Some brief design notes might be helpful. TOPS is a name used for both a network
protocol and the TOPS product which implements the protocol. The TOPS protocol is
built on a lower-level protocol called RFP, for Remote Function Protocol. Using RFP,
it is possible to make function calls that will be executed on another system. RFP
itself is built on top of the Appletalk Transaction Protocol (ATP), and will soon be
ported to run on the Internet Transmission Control Protocol (TCP) as well. RFP is an
asymmetrical protocol; it has a client end, which makes remote calls and receives
their values, and a server end, which receives remote calls, executes them locally, and
returns the result to the client that initiated the call.
The TOPS protocol is a set of function definitions that are passed over the network
using RFP. These include functions to open files, read and write buffers, lock files and
byte ranges, get information on files and directories, and so forth. When some
software on the Mac makes a file system call that has to do with a remote file, this
system call is intercepted and translated into a TOPS call. RFP's client end is then used
to make this TOPS call remotely on the system where the file is actually stored. The
RFP server end on the machine containing the file executes the TOPS call locally,
which means calling the local file system, and returns the result to the client. Because
everything goes through TOPS, the two machines may have completely different
operating systems. All that is needed is for the TOPS client software to translate local
file system operations into TOPS operations, and for the TOPS server to translate TOPS
operations into local file system operations.

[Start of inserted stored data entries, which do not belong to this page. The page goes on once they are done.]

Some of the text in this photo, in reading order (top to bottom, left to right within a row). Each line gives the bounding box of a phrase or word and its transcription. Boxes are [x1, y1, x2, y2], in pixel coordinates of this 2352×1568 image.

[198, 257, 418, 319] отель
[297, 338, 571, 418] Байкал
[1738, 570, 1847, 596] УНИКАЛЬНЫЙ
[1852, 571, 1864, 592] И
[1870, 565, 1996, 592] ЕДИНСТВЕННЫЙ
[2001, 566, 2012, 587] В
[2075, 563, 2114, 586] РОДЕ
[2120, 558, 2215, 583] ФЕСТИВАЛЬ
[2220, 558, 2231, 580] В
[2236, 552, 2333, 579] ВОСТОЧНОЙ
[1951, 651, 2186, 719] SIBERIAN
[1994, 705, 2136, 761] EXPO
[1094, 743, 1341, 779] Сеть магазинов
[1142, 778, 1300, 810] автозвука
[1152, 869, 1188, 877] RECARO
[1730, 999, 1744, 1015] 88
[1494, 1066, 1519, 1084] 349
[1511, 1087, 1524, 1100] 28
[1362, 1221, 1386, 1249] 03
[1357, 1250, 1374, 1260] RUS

The Apple Filing Protocol (AFP) and Sun's Network File System (NFS) use
somewhat similar designs. With AFP, a protocol called ASP (Apple Session Protocol)

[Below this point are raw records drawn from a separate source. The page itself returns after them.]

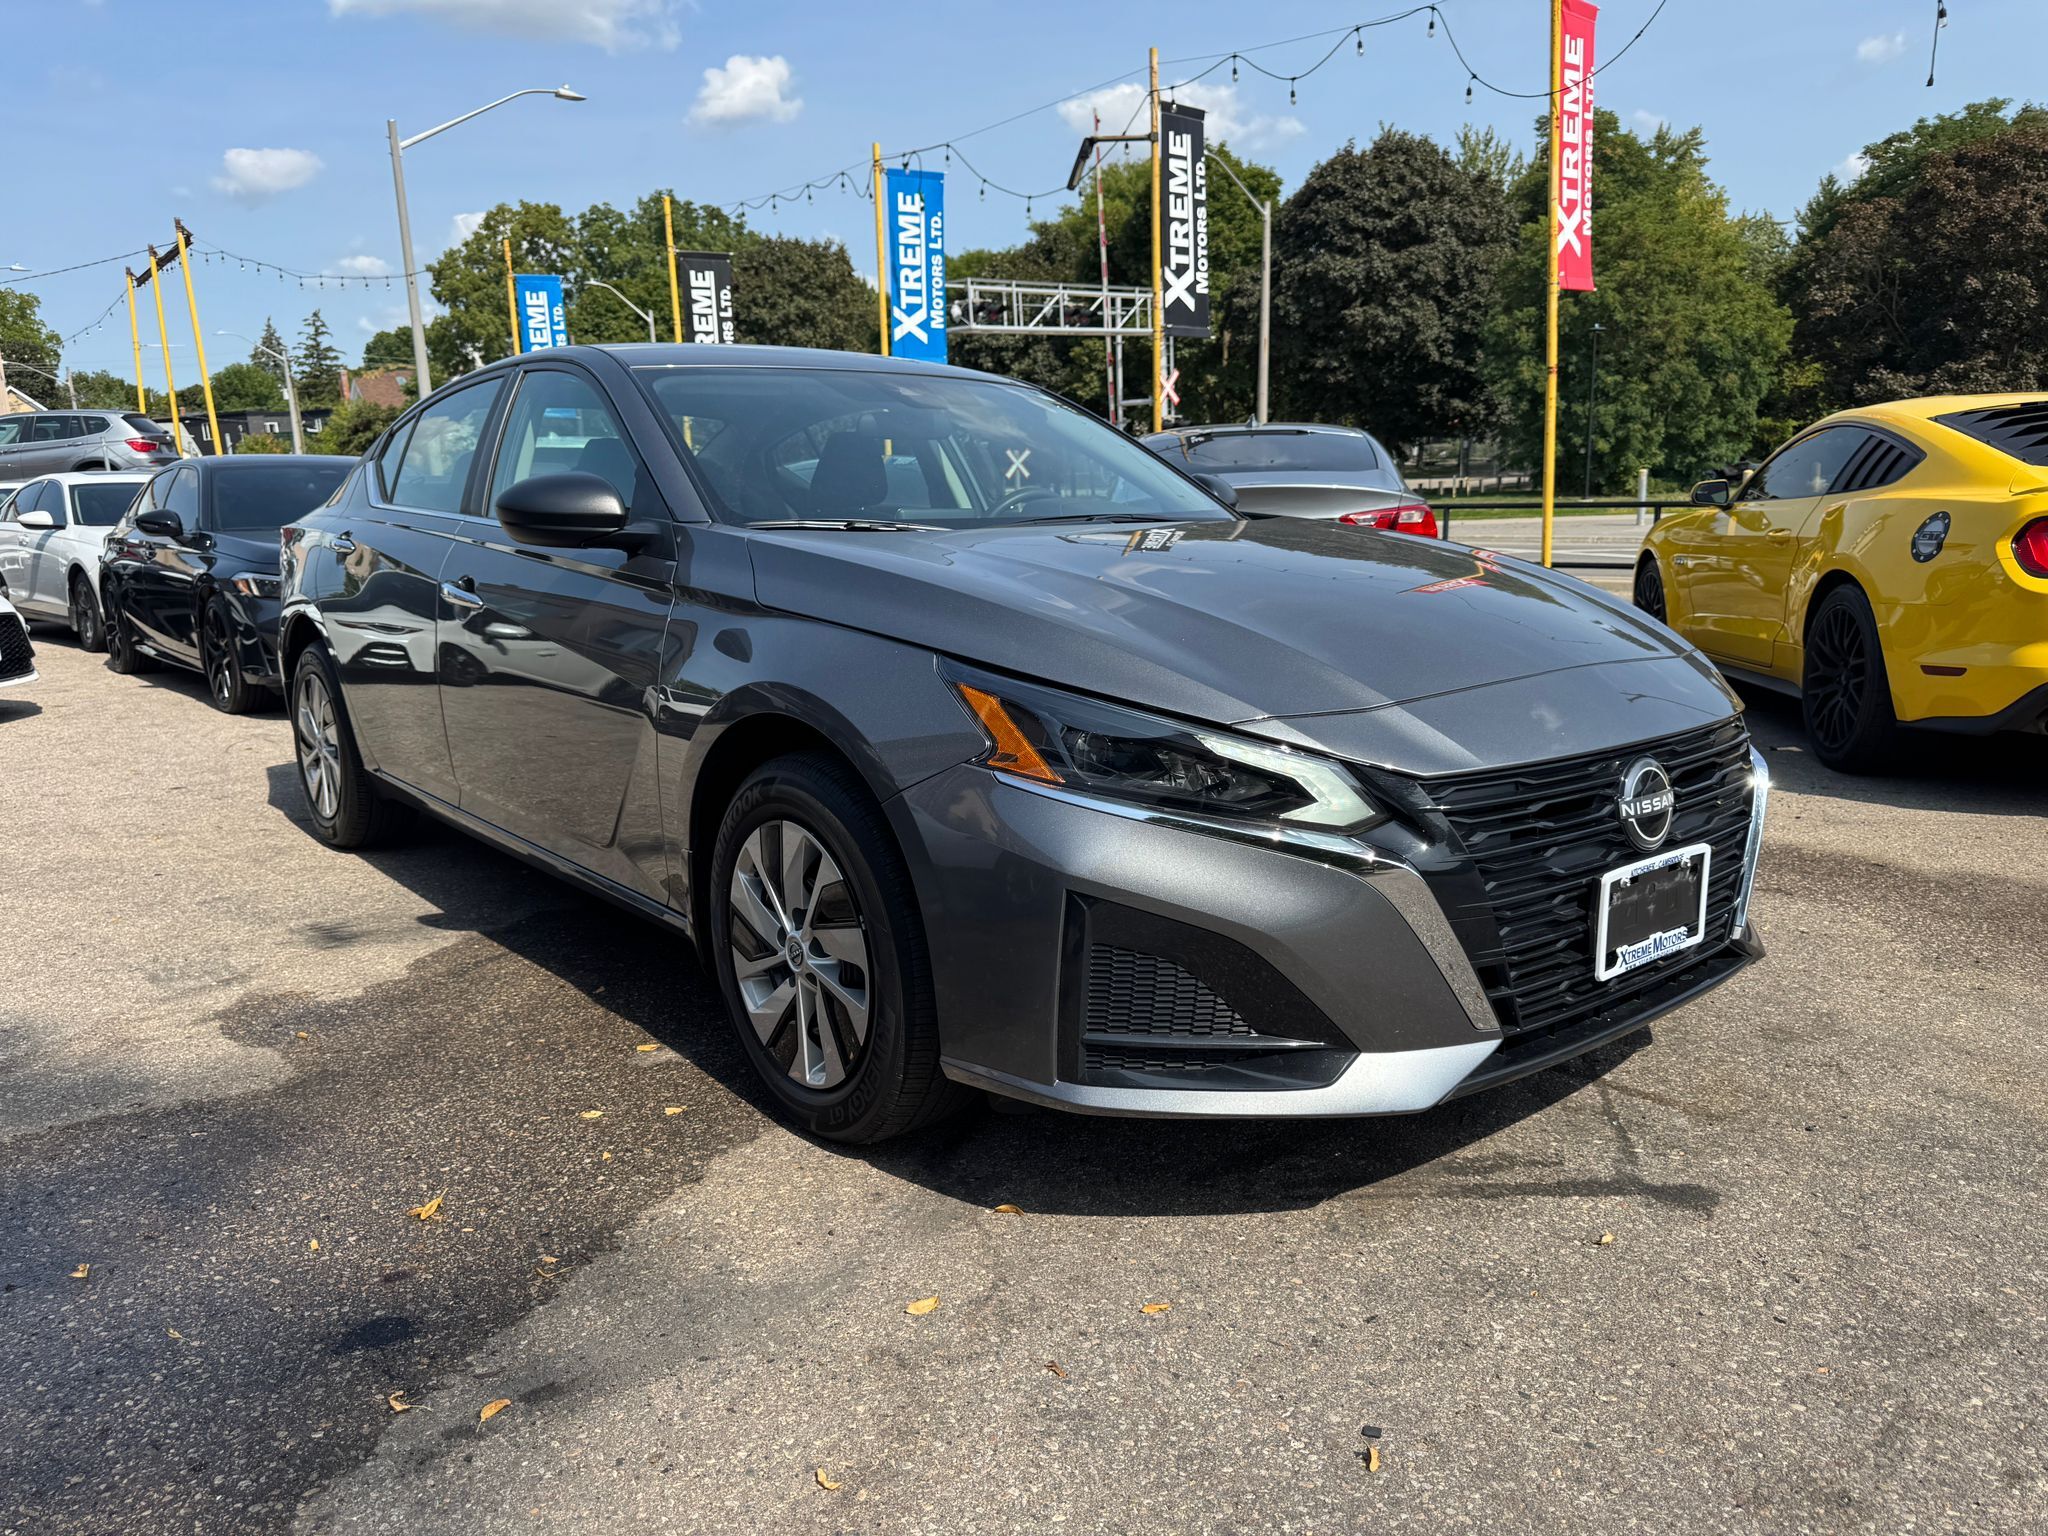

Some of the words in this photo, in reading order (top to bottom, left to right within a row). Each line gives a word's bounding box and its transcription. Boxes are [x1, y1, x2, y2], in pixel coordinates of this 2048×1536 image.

[1194, 156, 1206, 201] LTD.
[1558, 34, 1585, 258] XTREME
[1582, 129, 1593, 236] MOTORS
[929, 211, 943, 250] LTD.
[1164, 130, 1196, 313] XTREME
[1195, 206, 1210, 295] MOTORS
[719, 285, 733, 318] LTD.
[892, 191, 929, 345] XTREME
[930, 254, 945, 330] MOTORS
[552, 302, 566, 331] LTD.
[689, 269, 720, 345] REME
[1621, 790, 1675, 818] NISSAN
[1620, 942, 1652, 968] XTREME
[1652, 930, 1688, 954] MOTORS

is used for remote function calling. Actually, ASP does less than RFP, since it does not
itself interpret the data in the packets, deferring this to a sort of implied remote
function call layer in AFP itself. (Pay attention; this will be on the test.) ASP sits on
top of ATP; like AFP, it was co-developed by Centram and Apple. NFS uses a protocol
called RPC (Remote Procedure Call), which uses a sub-protocol known as XDR
(External Data Reference) to define its data formats. RPC sits on top of the Internet
User Datagram Protocol (UDP).
There were some comments on TOPS from "MacoWaco" in the January 1987
issue of MacTutor which were not quite accurate regarding use of Apple's "File
Structure". I don't know what he means by "Apple's File structure". The most likely
interpretation seems to be the Apple Filing Protocol, AFP for short. This is an Apple
protocol for network file service. The design of AFP is similar to the design of the
TOPS protocol. AFP is still being refined within Apple; when it is finalized later this
year, TOPS will become fully compatible with it. MacServe, however, cannot be
compatible with AFP. Its disk service approach is fundamentally incompatible with
the file service approach employed by both TOPS and AFP. Another possible
interpretation of "Apple's File structure" pertains to disk format. TOPS uses disks as
they are, with no modifications needed, while MacServe requires reformatting and
partitioning disks before they can be used.

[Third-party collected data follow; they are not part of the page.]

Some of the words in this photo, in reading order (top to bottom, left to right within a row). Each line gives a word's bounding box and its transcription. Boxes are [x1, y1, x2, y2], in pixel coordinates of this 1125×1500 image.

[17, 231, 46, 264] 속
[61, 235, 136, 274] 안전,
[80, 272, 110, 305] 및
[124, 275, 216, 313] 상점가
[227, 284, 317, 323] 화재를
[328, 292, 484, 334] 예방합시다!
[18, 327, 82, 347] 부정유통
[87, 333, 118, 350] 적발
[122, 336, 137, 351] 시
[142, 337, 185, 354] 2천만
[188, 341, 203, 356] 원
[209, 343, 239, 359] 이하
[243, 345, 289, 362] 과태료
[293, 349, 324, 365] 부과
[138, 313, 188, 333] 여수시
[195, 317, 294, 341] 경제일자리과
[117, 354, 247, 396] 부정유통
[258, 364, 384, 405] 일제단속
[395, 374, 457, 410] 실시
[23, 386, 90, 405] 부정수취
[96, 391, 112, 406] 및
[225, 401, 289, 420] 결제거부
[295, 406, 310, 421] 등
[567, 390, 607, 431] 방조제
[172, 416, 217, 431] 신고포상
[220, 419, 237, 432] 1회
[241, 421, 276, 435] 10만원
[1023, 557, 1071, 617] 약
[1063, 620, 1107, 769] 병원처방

Appletalk runs at about one quarter megabit per second, because this is the
fastest speed the SCC will handle without special clocking. Ethernet runs at three or
ten megabits per second, twelve or forty times as fast. It should be noted, though, that
most network protocol implementations cannot drive a network at a full bandwidth of
multiple megabits per second; an Ethernet tends to be idle a lot of the time, but it's
still effectively many times faster than Appletalk, but then again, many times more
expensive to implement. The new Macs will allow customers to match their
pocketbooks with their bandwidth requirements.